Interleukin-7 (IL-7) in patients receiving intensive chemotherapy for acute myelogenous leukemia: studies of systemic IL-7 Levels and IL-7 responsiveness of circulating T lymphocytes.

Early immune reconstitution after intensive chemotherapy for acute myelogenous leukemia (AML) occurs after 2-4 weeks of cytopenia, but T cell reconstitute is usually completed after several months. Interleukin-7 (IL-7) is a T cell growth factor involved in the late immune reconstitution, but its function during the early period of cytopenia has not been investigated. In the present study, we found that patients with untreated AML had decreased IL-7 serum levels, and induction chemotherapy had divergent effects on these levels. In contrast, patients in complete remission (CR) had intermediate levels immediately before consolidation therapy, and these levels decreased significantly when the patients developed therapy-induced cytopenia. Systemic IL-7 levels showed only minor increases during febrile neutropenia.

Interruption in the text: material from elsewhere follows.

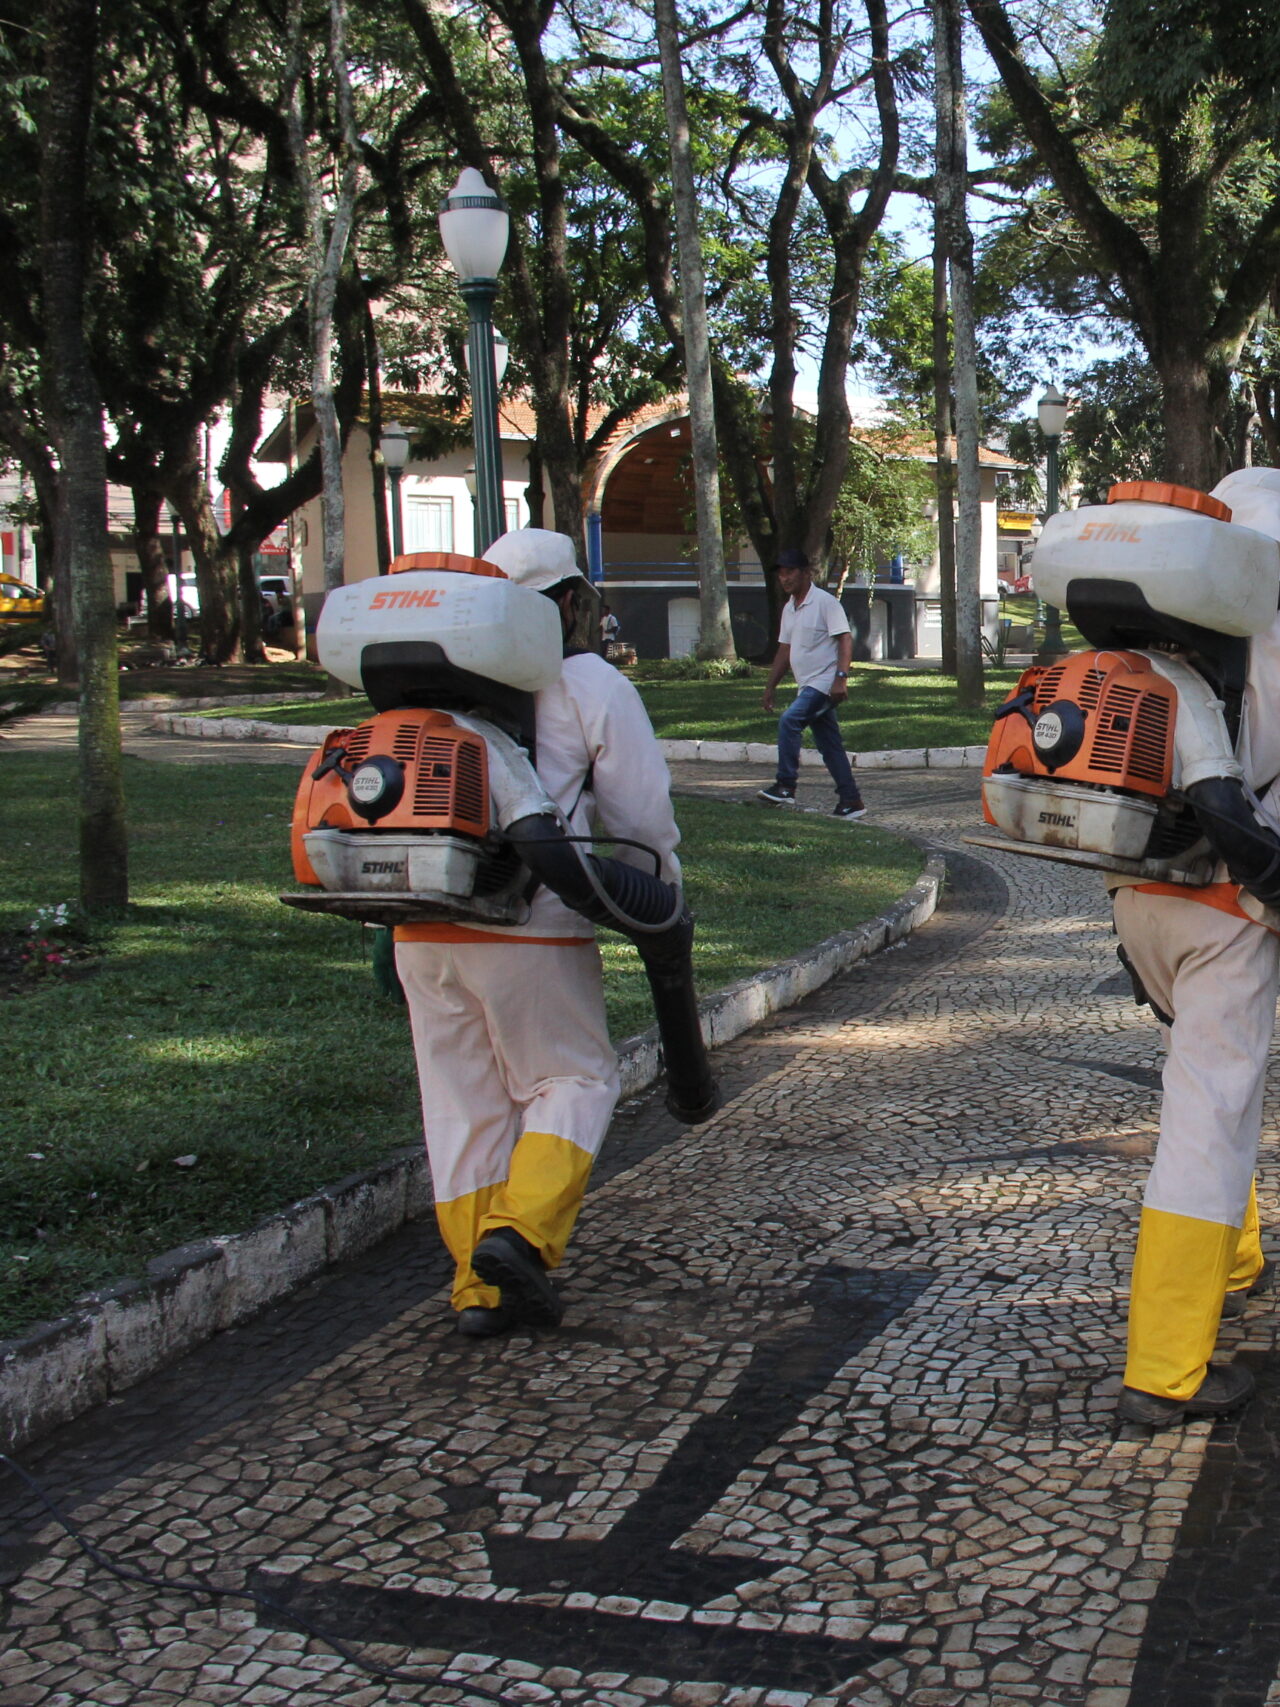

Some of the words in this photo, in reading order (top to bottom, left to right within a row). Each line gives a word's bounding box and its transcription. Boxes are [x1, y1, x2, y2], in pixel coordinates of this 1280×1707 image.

Furthermore, IL-7 enhanced in vitro proliferative responses of polyclonal T cells derived from cytopenic patients, and the majority of circulating clonogenic CD4(+) and CD8(+) T cells from cytopenic patients could respond to both IL-2 and IL-7. To conclude, patients with untreated AML and severe chemotherapy-induced leukopenia (1) differ from other patients with CD4(+) T lymphopenia in that they show decreased IL-7 serum levels, and (2) the detection of circulating IL7-responsive T cells indicates that variations in systemic IL-7 levels are functionally important and contribute to an additional qualitative T cell defect in these severely T lymphopenic patients.